38

三十八、秘密の特訓

「え……苗字?」

 雄英の敷地内、うっそうと生い茂る森の中。その少しひらけた場所に紫の彼は立っていた。驚いた様子の彼に、手を振りながら駆け寄る。

「やっほー心操くん! 体育祭ぶりだね~」
「なんで苗字がいるの?」
「わたしも相澤先生に声かけられたの。二人で秘密の特訓してるんでしょう?」
「いや、まぁ」

 首に手を当てて視線を外す彼は体操着を着ていて、額にはすでに汗が滲んでいる。普通科の方が早く授業を終えたようで、つまり彼は小一時間ほどこの場所でトレーニングに勤しんでいたらしい。

「わたし、心操くんがまだ諦めてなくてうれしい」
「……別に、あんたには関係ないだろ。それにまだ体力づくりの段階だよ」
「そうなんだね」
「だからお前も呼んだんだ」
「ひっ!」

 突然の声にビクッと身体が跳ねる。すたっと木の枝から飛び降りて、相澤先生が音もなく現れた。
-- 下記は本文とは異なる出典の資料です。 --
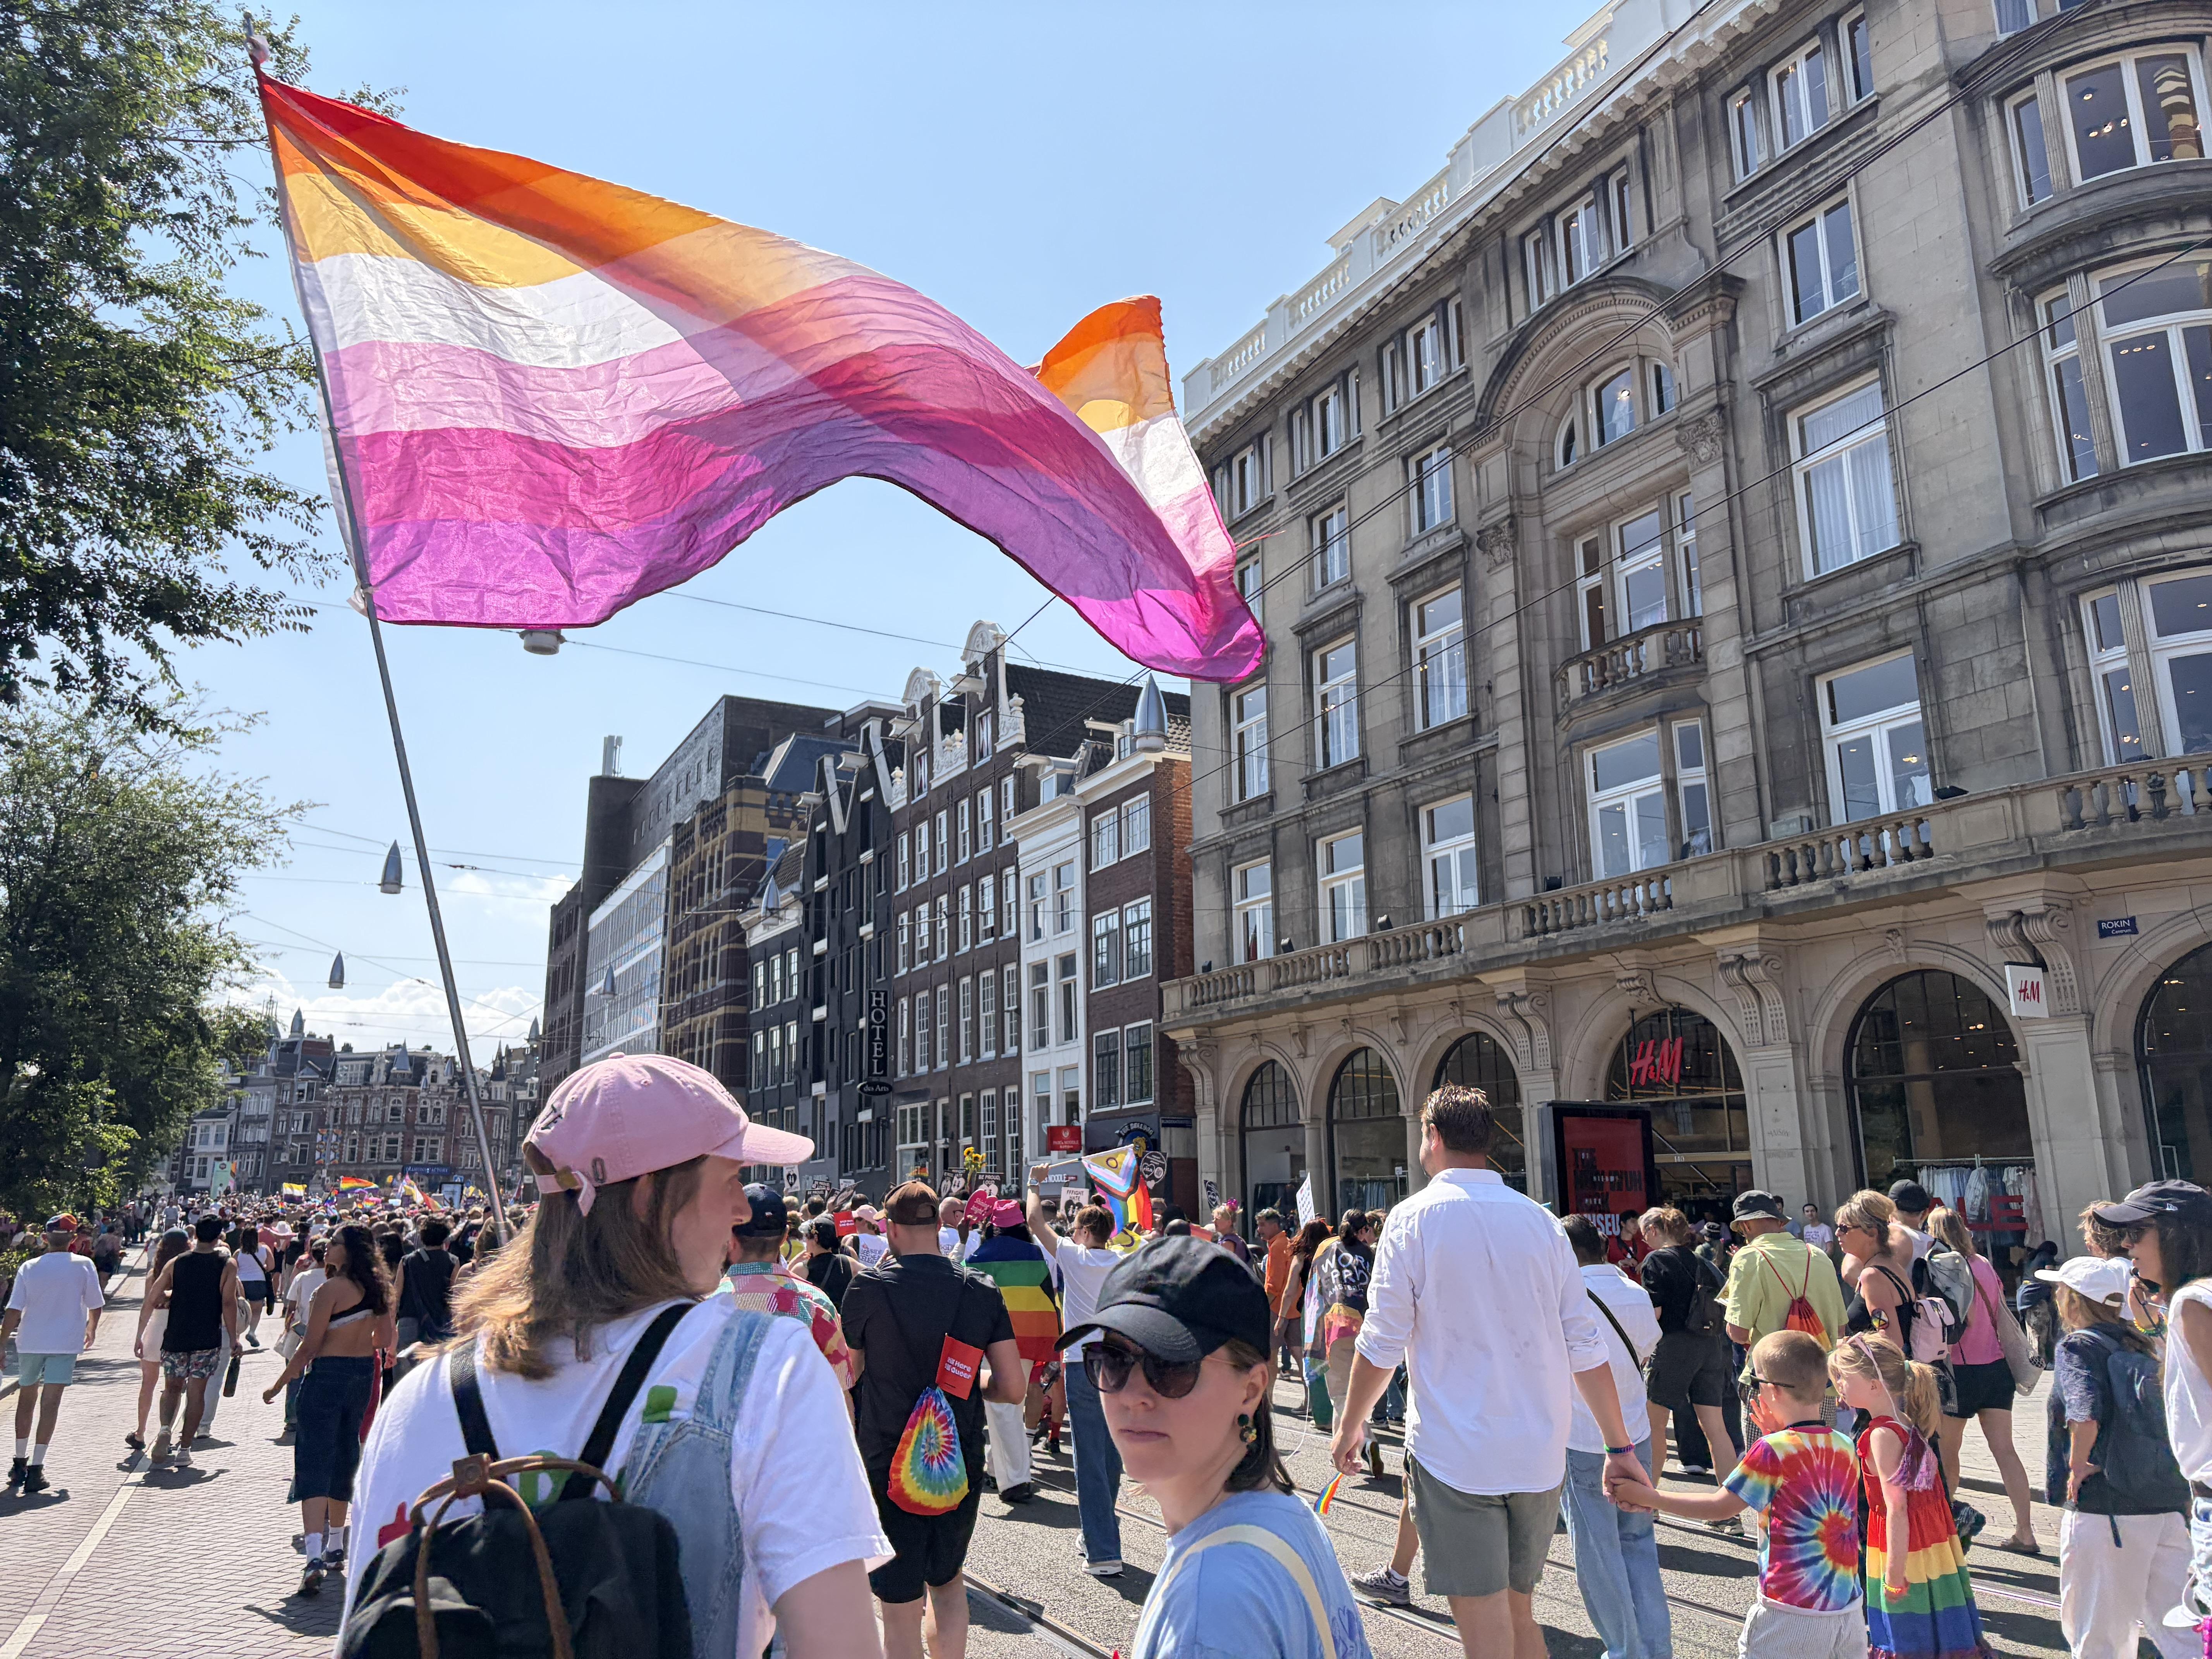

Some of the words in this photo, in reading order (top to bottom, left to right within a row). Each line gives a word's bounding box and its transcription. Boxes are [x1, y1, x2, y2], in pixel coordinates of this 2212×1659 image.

[2102, 919, 2131, 929] ROKIN
[2018, 980, 2040, 1004] H&M
[871, 991, 886, 1075] HOTEL
[1630, 1036, 1683, 1086] H&M
[1048, 1174, 1068, 1182] NOODLE
[955, 1360, 972, 1372] Here
[951, 1367, 972, 1379] Queer
「きゅ、急に現れるのやめてくださいよ先生! ただでさえ顔怖いんですから」
「おい。さり気なく教師を侮辱するな」
「……はぁ。相変わらずだな、苗字」

 こうしてわたしは心操くんとの鍛錬(体力づくり)に付き合うことになったのだ。

 聞くところによると、彼は体育祭の後すぐに相澤先生から声を掛けられていたらしい。お前が本気でヒーローを目指すなら俺が指導してやる、と。

「そういえば、体力づくりってどんなことしてるの?」
「それはまぁ──」

 心操くんは、毎日朝五時から始業までの間に有酸素運動と、夕方から就寝までには基礎体力トレーニングをこなしているらしい。加えて週二回は、こうやって相澤先生から直接指導を受けているそうだ。

「大体こんな感じでやってる」

 差し出された指南書には、PFCバランスの考慮された食事メニュー(つまりご飯は一食何グラム摂取しろだとか、タンパク質は鶏むねとささみを中心にだとか)や基礎トレのメニューがこと細やかに無駄なくびっしりと記されていた。
 コンプリートしたら闇の魔術でも使えるようになるじゃないかってほどに完璧なメニューだ。恐ろしい。

 いや、待てよ──?

 つまりお呼ばれしたってことは、今からわたしもその指南書に沿ったセットアップをこなすことになるわけで。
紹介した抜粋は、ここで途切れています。